Items from a dataset:
++++

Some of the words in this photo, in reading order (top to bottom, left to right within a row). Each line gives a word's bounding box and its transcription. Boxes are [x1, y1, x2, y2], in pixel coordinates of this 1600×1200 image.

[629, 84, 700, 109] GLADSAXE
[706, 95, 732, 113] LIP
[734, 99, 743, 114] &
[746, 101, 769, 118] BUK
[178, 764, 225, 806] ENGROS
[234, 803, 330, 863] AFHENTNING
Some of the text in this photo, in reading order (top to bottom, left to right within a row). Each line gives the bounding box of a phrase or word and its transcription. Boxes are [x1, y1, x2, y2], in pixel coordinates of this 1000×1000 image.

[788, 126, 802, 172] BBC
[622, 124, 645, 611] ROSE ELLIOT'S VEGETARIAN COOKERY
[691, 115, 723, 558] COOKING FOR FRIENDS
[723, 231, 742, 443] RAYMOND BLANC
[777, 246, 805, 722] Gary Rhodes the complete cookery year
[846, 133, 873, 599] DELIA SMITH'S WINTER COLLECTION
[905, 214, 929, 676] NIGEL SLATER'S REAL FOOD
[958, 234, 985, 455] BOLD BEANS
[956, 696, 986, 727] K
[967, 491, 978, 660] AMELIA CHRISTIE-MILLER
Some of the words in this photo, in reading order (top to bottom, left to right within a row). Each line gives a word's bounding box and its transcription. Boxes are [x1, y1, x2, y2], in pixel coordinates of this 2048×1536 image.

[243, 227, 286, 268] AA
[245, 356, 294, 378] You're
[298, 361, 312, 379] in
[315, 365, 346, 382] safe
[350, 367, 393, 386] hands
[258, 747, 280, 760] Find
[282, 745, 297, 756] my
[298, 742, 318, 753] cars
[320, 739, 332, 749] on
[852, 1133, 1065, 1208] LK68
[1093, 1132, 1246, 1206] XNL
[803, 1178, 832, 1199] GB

++++

*Task details*
Copy exactly the lines from the one containing "this 2048×1536 image." through the last line of the records, both included, and nothing else.

*Answer*
Some of the words in this photo, in reading order (top to bottom, left to right within a row). Each line gives a word's bounding box and its transcription. Boxes are [x1, y1, x2, y2], in pixel coordinates of this 2048×1536 image.

[243, 227, 286, 268] AA
[245, 356, 294, 378] You're
[298, 361, 312, 379] in
[315, 365, 346, 382] safe
[350, 367, 393, 386] hands
[258, 747, 280, 760] Find
[282, 745, 297, 756] my
[298, 742, 318, 753] cars
[320, 739, 332, 749] on
[852, 1133, 1065, 1208] LK68
[1093, 1132, 1246, 1206] XNL
[803, 1178, 832, 1199] GB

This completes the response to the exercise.